À ses deux ans, toujours pas d’appel. Son pédiatre insiste pour vérifier et on nous apprend que sa requête a été perdue… On a attendu quinze mois pour rien ! Ils nous remettent sur la liste d’attente.

On veut que notre fille ait tout de même les suivis dont elle a besoin, donc on continue de voir tous les spécialistes au privé. Orthophoniste aux deux mois. Physiothérapeute aux trois semaines. Ophtalmologiste aux six mois. On se dit qu’au moins, en attendant que le système public la prenne en charge, on pourra lui offrir des outils pour l’aider au quotidien.

Plusieurs mois plus tard, toujours aucun appel. On consulte un audiologiste au privé, qui nous explique qu’il est impossible dans notre région de faire les tests auditifs complets avant trois ans… Il appelle à l’hôpital et demande à nous mettre sur la liste d’attente « prioritaire ».

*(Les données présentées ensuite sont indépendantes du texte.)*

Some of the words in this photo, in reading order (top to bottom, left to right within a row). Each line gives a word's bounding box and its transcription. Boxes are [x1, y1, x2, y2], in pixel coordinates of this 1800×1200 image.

Le jour de son troisième anniversaire, un audiologiste de l’hôpital nous appelle enfin. Deux jours plus tard, les résultats du test auditif confirment une « grosse surdité ». Elle n’a jamais fait d’otite ; pourtant, elle a beaucoup de liquide qui bloque les sons derrière ses tympans. L’audiologiste nous fait monter à l’étage de l’otorhinolaryngologiste. L’« ORL » pour les intimes. Il a eu le temps de lire le dossier et rencontre notre fille. Il est étonné qu’une enfant ayant une surdité comme la sienne soit aussi réactive. Selon lui, avec une telle surdité, les enfants sont habituellement complètement refermés sur eux‑mêmes. Notre fille, elle, se tourne vers lui, lui sourit et chantonne… Il planifie une chirurgie le plus rapidement possible.

Le jour de la chirurgie arrive. Elle entre au bloc, souriante. On lui pose des tubes et retire les adénoïdes. C’est une chirurgie anodine, fréquente, voire banale. Tellement d’enfants se font poser des tubes !

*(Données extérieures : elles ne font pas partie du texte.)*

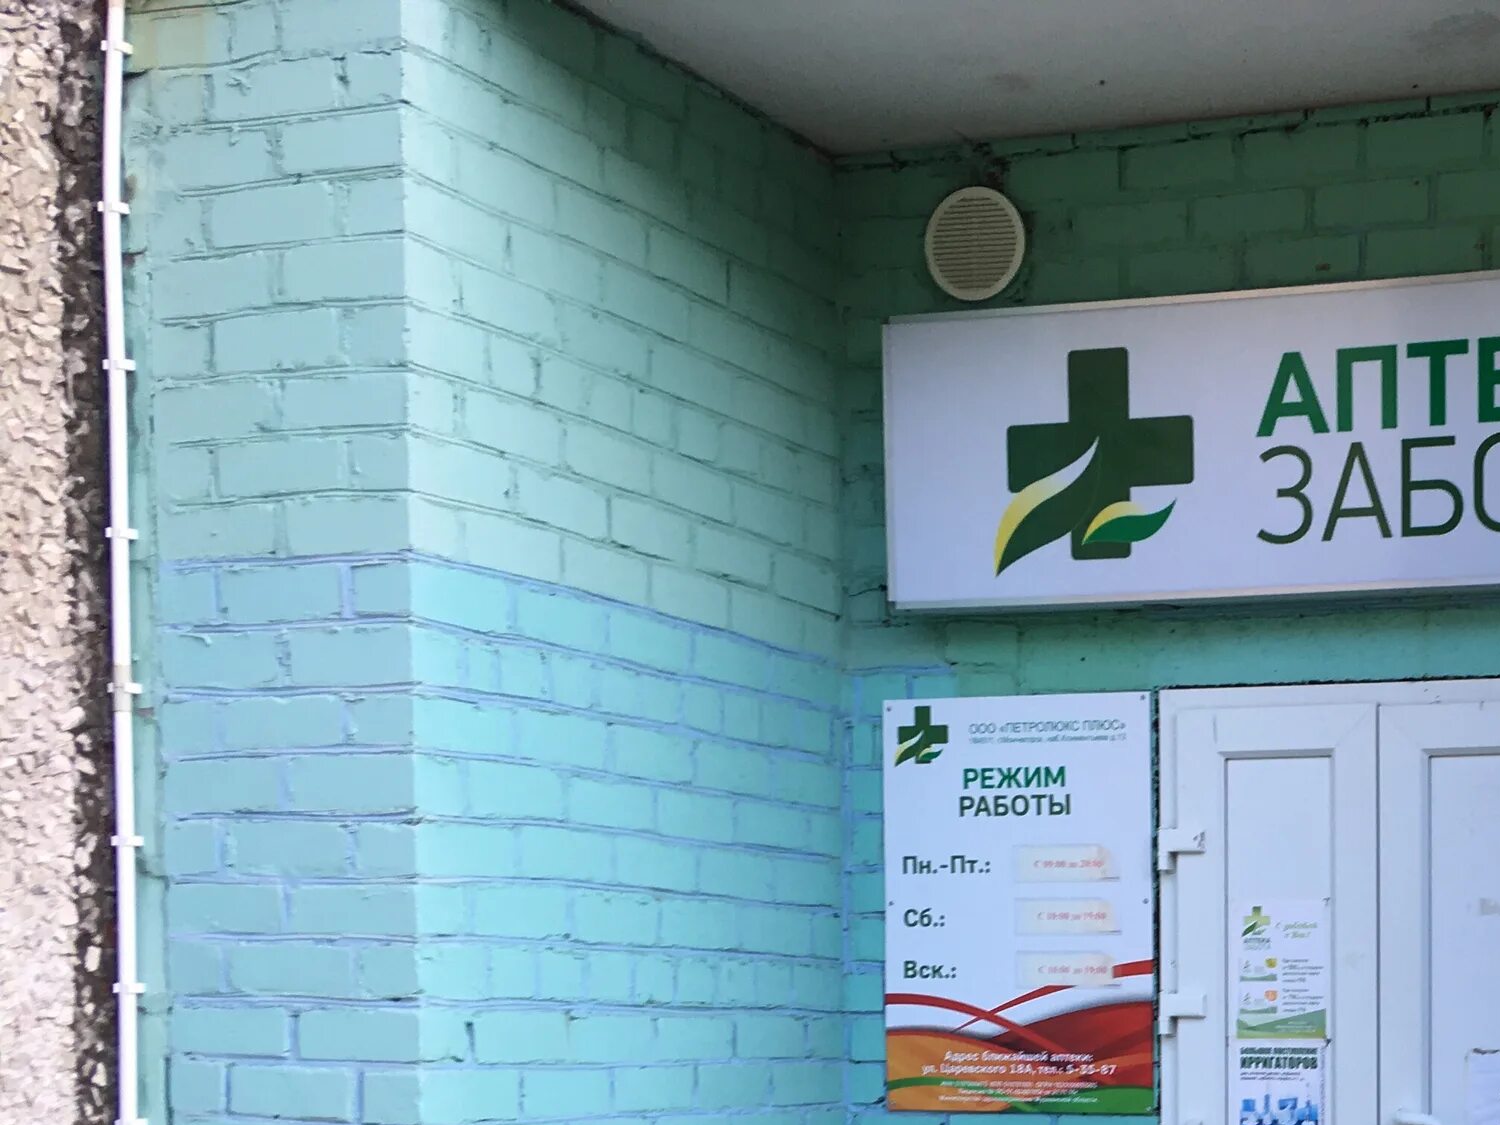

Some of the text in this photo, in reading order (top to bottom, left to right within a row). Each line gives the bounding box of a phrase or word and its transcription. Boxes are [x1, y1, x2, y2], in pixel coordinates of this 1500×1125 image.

[968, 722, 996, 734] ООО
[963, 766, 1066, 789] РЕЖИМ
[959, 793, 1071, 817] РАБОТЫ
[902, 855, 991, 875] Пн.-Пт.:
[903, 907, 946, 928] Сб.:
[903, 960, 957, 979] Вск.:
[1240, 1056, 1318, 1069] ИРРИГАТОРОВ

Le système public prend enfin la relève. Les orthophonistes la rencontrent à l’hôpital aussi. Des femmes professionnelles, bien sympathiques, mais il y a un gros hic… Au privé, nous avions des suivis individuels, qui répondaient parfaitement aux besoins de notre fille, et qui, en plus, donnaient de très bons résultats. À l’hôpital, on nous présente des suivis de groupe, qui ne donnent clairement pas les résultats escomptés… Tout le monde est très gentil et rempli de bonne foi, mais la réalité du système public nous désenchante rapidement. Deux orthophonistes tentent d’observer les enfants et d’outiller leurs parents, à travers leurs horaires surchargés.

On nous a offert quatre rencontres. De groupe. À la suite de ces rencontres, on nous a simplement dit de rappeler dans six mois si on pensait encore en avoir besoin… Qu’est‑ce que c’est que ce service ? Aucun outil concret, aucun jeu, aucun conseil utile. Simplement quatre périodes et au cours de celles-ci, aucun suivi concret ou individualisé pour notre fille… C’est tout simplement aberrant.

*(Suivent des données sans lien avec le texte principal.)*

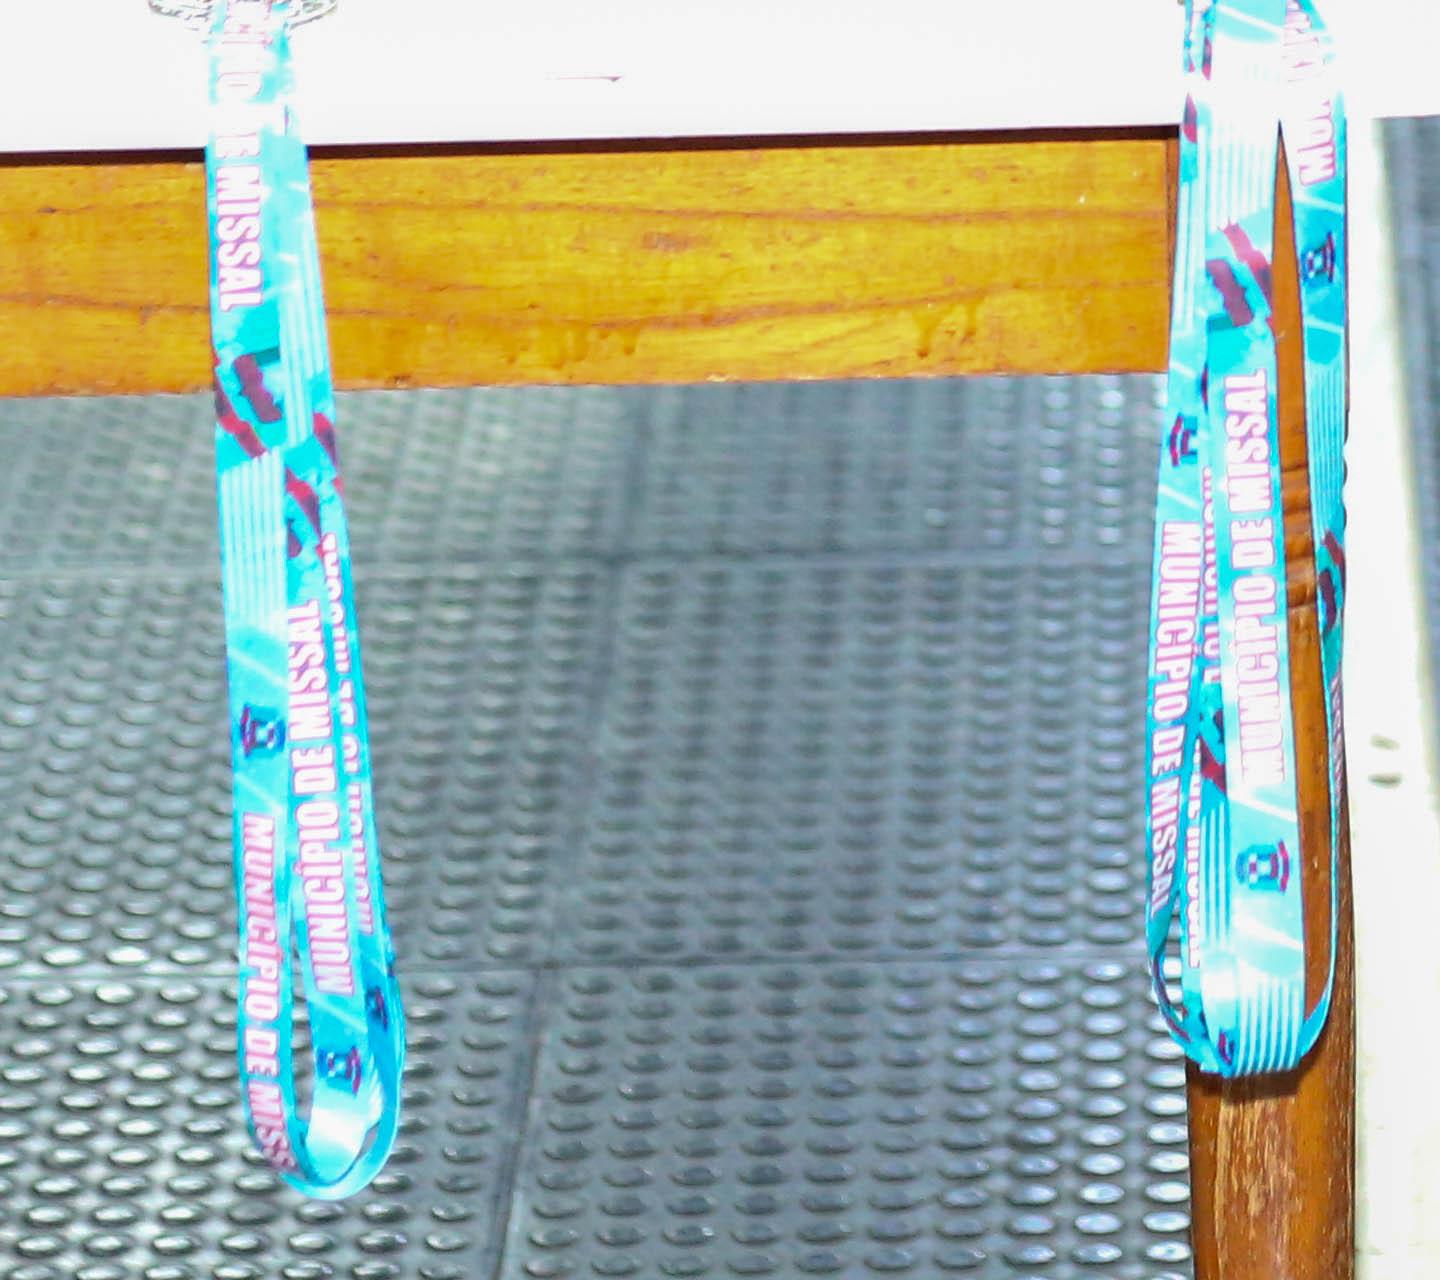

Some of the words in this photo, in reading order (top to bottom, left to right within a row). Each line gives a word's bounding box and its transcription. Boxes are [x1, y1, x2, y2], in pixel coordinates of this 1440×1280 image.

J’ai compris qu’il y avait des cas plus urgents que nous. J’ai compris qu’ils manquaient de temps, de personnel et de ressources. Honnêtement, j’aurais préféré qu’on soit honnêtes avec nous et qu’on nous dise d’emblée qu’il était préférable d’aller au privé. Au lieu de cela, nous avons perdu notre temps à attendre un service qui ne sera jamais à la hauteur…

Mes mots sont durs, peut-être choquants. Mais la vérité, c’est qu’une petite fille de trois ans commence à peine à parler, et que ses seuls progrès sont dus à l’acharnement de ses parents et aux efforts des orthophonistes au privé. Si nous avions tout bonnement attendu que le téléphone sonne, elle aurait fêté son troisième anniversaire dans un monde rempli de silence et de solitude…

Nous comprenons aujourd’hui que c’est le système privé qui pourra nous épauler. « Tant mieux si vous avez les moyens ! », vous pensez. Eh bien non. Notre salaire familial est minimal, mais nous établissons des priorités. Plusieurs emplois, de plus grosses semaines de travail, aucune vacance depuis des années… Mais nous offrirons à notre enfant les meilleurs services possible. Nous n’attendrons pas qu’elle vive des échecs à l’école pour aller chercher de l’aide. Il est encore temps de rattraper son retard et c’est notre devoir d’aller chercher tous les outils pour l’aider.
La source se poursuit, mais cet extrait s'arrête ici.